Hello,
I had a question about the availability of metadata information (Sample_annotation.csv file) for the leaderboard/test datasets which can be used by the submitted algorithm to perform pre-processing steps on unseen data before predictions?
Thanks.
Created by TUSHAR PATEL tpatel Hi Tushar,
Thank you for your detailed information. I'd like to provide further clarification:
The leaderboard dataset is a subset of samples from the same studies that generated the training data. Consequently, it shares the same "batches" or sources of variation present in the training data. The test data (protected/private), on the other hand, was generated at a single center using the 850K array on a rather homogeneous population.

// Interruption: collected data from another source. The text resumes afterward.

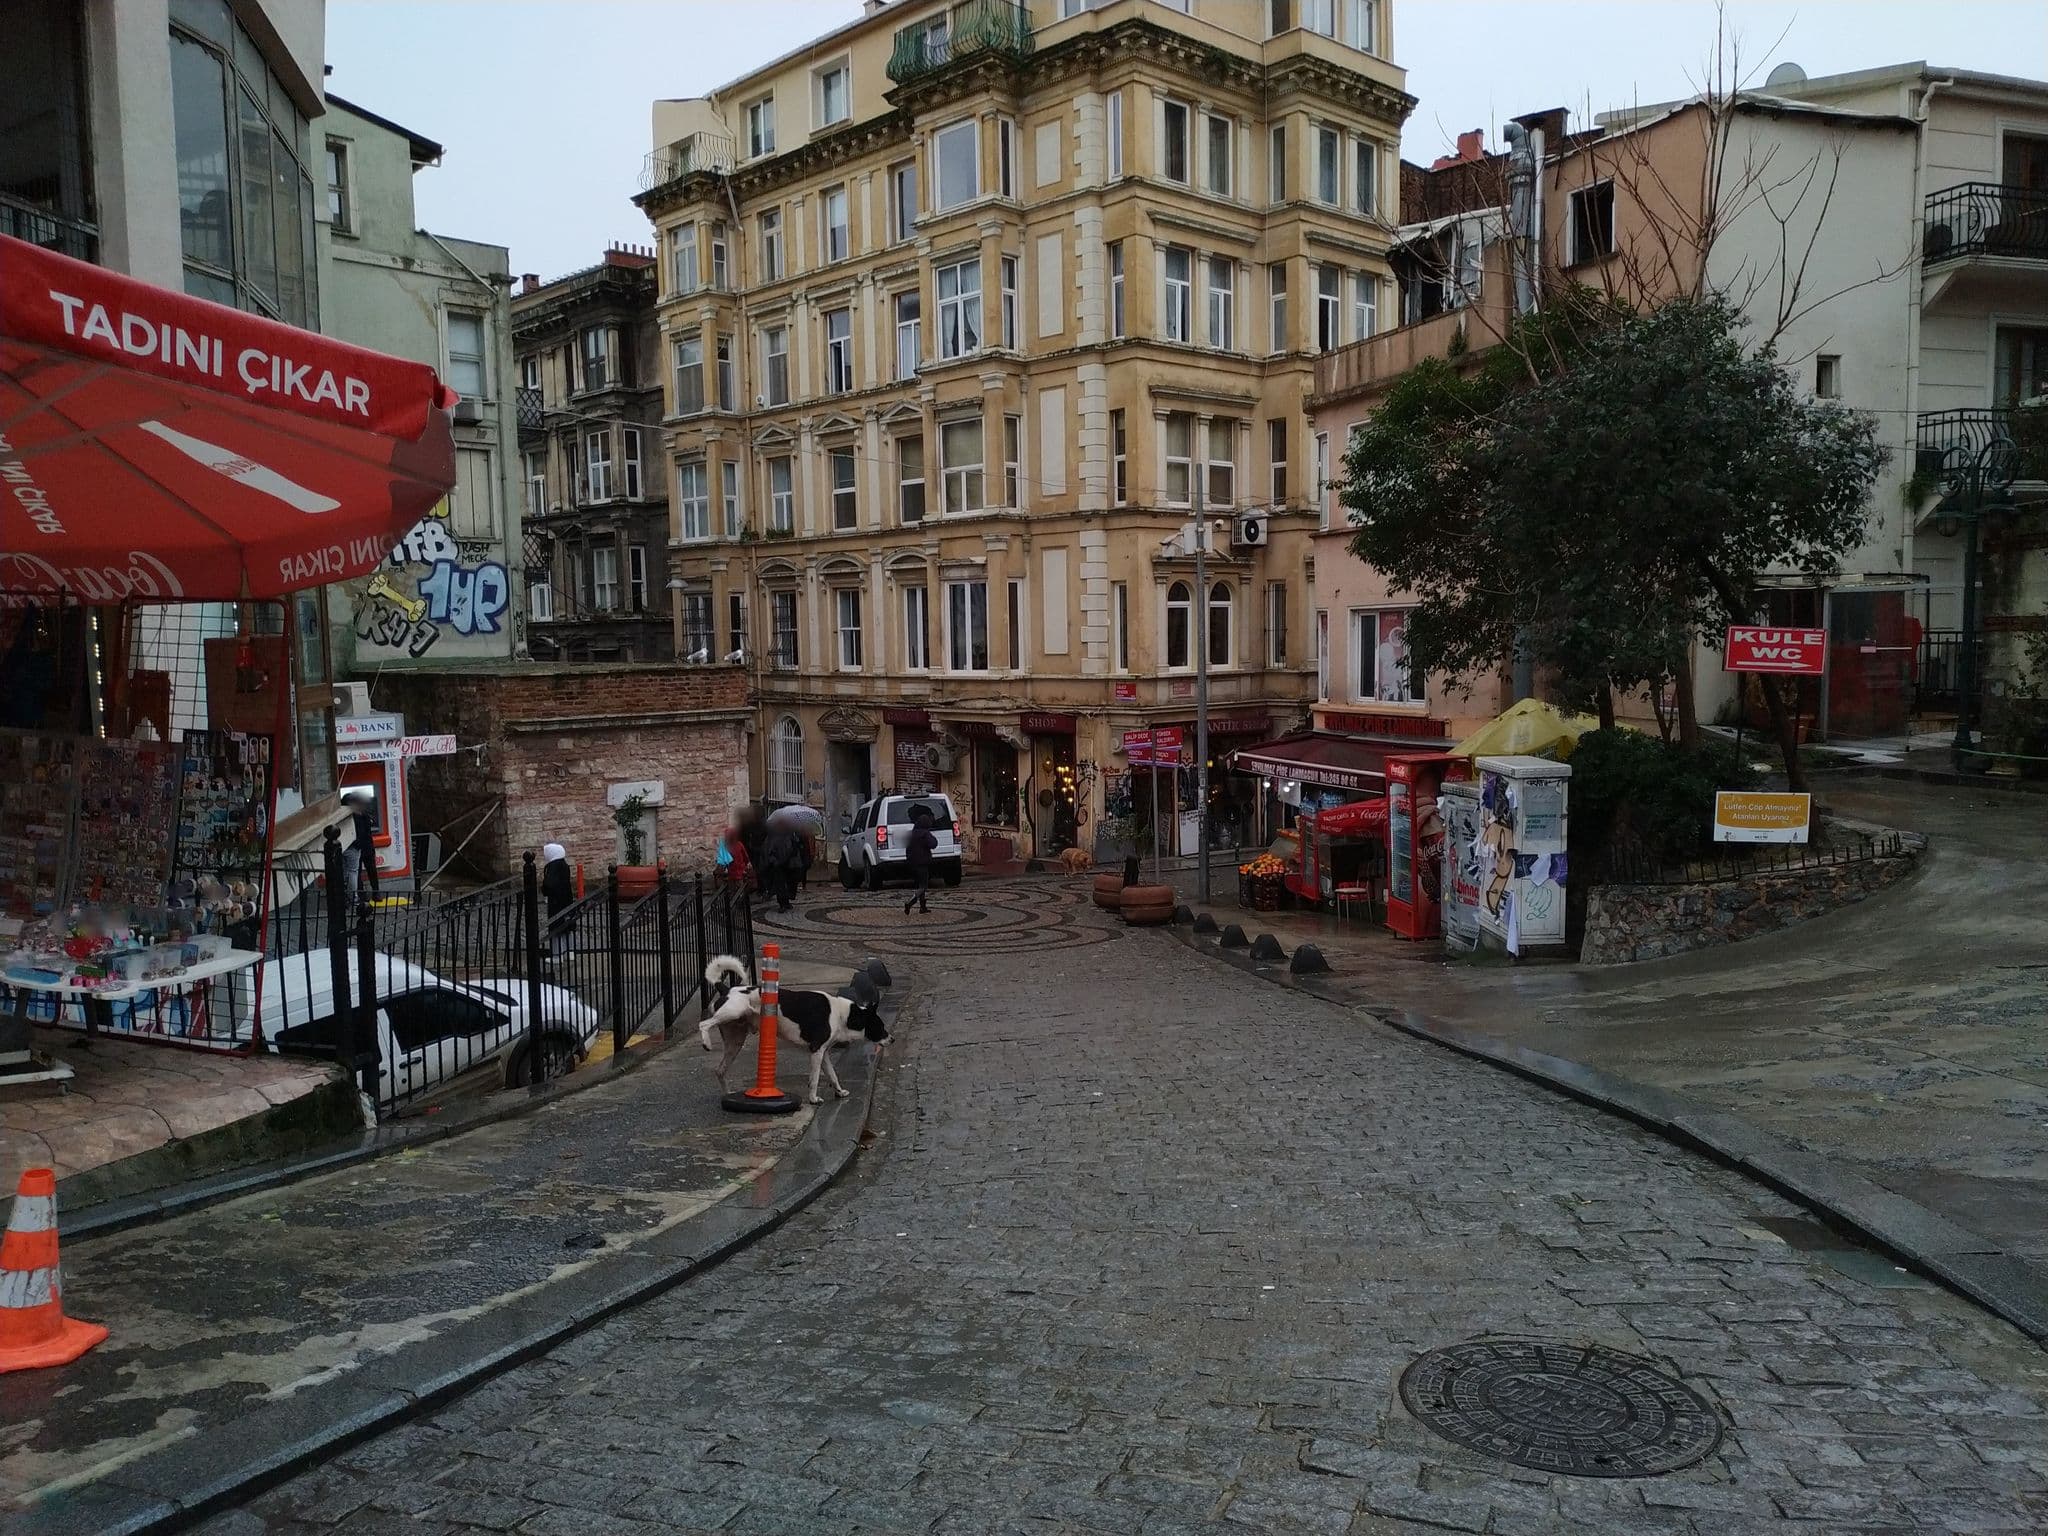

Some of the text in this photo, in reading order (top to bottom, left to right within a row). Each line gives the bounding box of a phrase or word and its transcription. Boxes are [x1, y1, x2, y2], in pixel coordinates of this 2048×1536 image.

[49, 290, 371, 416] TADINI ÇIKAR
[1733, 630, 1824, 646] KULE
[1750, 646, 1802, 660] WC
[361, 722, 394, 733] BANK
[1027, 717, 1057, 728] SHOP
[340, 751, 397, 762] ING BANK

For your modeling strategy, if you plan to correct for batch effects, I recommend estimating the batches directly from the data (matrices of beta values). Such an approach could then be directly applied to leaderboard or test beta matrices. For real-world applications, however, a model robust to different preprocessing methods or one that can even work on raw data is preferred in my opinion. See the paper by Lee et al., 2019, for an example: https://www.ncbi.nlm.nih.gov/pmc/articles/PMC6628997/.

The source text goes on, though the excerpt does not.